▸ Items listed in a dataset:
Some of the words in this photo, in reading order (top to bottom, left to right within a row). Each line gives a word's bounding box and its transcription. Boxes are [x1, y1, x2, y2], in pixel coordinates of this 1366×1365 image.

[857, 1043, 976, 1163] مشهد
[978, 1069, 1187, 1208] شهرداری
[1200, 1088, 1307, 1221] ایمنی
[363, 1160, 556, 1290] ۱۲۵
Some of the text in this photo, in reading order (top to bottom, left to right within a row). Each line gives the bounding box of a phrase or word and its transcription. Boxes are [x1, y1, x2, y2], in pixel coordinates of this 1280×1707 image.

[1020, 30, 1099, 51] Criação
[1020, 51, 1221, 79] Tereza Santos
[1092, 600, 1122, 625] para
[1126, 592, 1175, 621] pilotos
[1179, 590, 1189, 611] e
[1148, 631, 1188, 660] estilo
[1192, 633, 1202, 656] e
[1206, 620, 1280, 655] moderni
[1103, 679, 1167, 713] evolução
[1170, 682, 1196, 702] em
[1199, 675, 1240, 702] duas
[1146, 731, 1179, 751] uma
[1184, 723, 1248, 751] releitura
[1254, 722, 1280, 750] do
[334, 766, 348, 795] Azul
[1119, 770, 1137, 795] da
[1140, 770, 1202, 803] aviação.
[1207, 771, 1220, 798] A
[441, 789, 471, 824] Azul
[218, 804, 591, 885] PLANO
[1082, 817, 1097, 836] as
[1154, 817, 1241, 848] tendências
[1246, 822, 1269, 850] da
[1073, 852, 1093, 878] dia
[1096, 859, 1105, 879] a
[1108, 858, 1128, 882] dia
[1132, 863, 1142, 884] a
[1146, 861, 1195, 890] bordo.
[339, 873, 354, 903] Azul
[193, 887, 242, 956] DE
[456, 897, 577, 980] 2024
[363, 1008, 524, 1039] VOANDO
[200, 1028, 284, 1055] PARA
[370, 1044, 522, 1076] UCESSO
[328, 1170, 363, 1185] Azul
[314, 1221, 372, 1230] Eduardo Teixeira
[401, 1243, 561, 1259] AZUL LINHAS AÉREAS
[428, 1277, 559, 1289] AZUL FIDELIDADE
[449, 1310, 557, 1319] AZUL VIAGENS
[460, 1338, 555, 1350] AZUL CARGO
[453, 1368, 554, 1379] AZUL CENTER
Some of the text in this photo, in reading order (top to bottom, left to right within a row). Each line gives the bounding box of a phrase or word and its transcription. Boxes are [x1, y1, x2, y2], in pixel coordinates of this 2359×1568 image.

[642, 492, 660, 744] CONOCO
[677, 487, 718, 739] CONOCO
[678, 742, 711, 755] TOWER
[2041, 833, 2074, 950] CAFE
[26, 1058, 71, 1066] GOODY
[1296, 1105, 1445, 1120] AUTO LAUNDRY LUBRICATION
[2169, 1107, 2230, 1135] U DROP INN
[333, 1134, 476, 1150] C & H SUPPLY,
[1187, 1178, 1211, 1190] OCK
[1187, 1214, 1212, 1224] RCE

▸ Aim of the exercise:
With nothing added or dropped, write out every entry.

▸ Result of this task:
Some of the words in this photo, in reading order (top to bottom, left to right within a row). Each line gives a word's bounding box and its transcription. Boxes are [x1, y1, x2, y2], in pixel coordinates of this 1366×1365 image.

[857, 1043, 976, 1163] مشهد
[978, 1069, 1187, 1208] شهرداری
[1200, 1088, 1307, 1221] ایمنی
[363, 1160, 556, 1290] ۱۲۵
Some of the text in this photo, in reading order (top to bottom, left to right within a row). Each line gives the bounding box of a phrase or word and its transcription. Boxes are [x1, y1, x2, y2], in pixel coordinates of this 1280×1707 image.

[1020, 30, 1099, 51] Criação
[1020, 51, 1221, 79] Tereza Santos
[1092, 600, 1122, 625] para
[1126, 592, 1175, 621] pilotos
[1179, 590, 1189, 611] e
[1148, 631, 1188, 660] estilo
[1192, 633, 1202, 656] e
[1206, 620, 1280, 655] moderni
[1103, 679, 1167, 713] evolução
[1170, 682, 1196, 702] em
[1199, 675, 1240, 702] duas
[1146, 731, 1179, 751] uma
[1184, 723, 1248, 751] releitura
[1254, 722, 1280, 750] do
[334, 766, 348, 795] Azul
[1119, 770, 1137, 795] da
[1140, 770, 1202, 803] aviação.
[1207, 771, 1220, 798] A
[441, 789, 471, 824] Azul
[218, 804, 591, 885] PLANO
[1082, 817, 1097, 836] as
[1154, 817, 1241, 848] tendências
[1246, 822, 1269, 850] da
[1073, 852, 1093, 878] dia
[1096, 859, 1105, 879] a
[1108, 858, 1128, 882] dia
[1132, 863, 1142, 884] a
[1146, 861, 1195, 890] bordo.
[339, 873, 354, 903] Azul
[193, 887, 242, 956] DE
[456, 897, 577, 980] 2024
[363, 1008, 524, 1039] VOANDO
[200, 1028, 284, 1055] PARA
[370, 1044, 522, 1076] UCESSO
[328, 1170, 363, 1185] Azul
[314, 1221, 372, 1230] Eduardo Teixeira
[401, 1243, 561, 1259] AZUL LINHAS AÉREAS
[428, 1277, 559, 1289] AZUL FIDELIDADE
[449, 1310, 557, 1319] AZUL VIAGENS
[460, 1338, 555, 1350] AZUL CARGO
[453, 1368, 554, 1379] AZUL CENTER
Some of the text in this photo, in reading order (top to bottom, left to right within a row). Each line gives the bounding box of a phrase or word and its transcription. Boxes are [x1, y1, x2, y2], in pixel coordinates of this 2359×1568 image.

[642, 492, 660, 744] CONOCO
[677, 487, 718, 739] CONOCO
[678, 742, 711, 755] TOWER
[2041, 833, 2074, 950] CAFE
[26, 1058, 71, 1066] GOODY
[1296, 1105, 1445, 1120] AUTO LAUNDRY LUBRICATION
[2169, 1107, 2230, 1135] U DROP INN
[333, 1134, 476, 1150] C & H SUPPLY,
[1187, 1178, 1211, 1190] OCK
[1187, 1214, 1212, 1224] RCE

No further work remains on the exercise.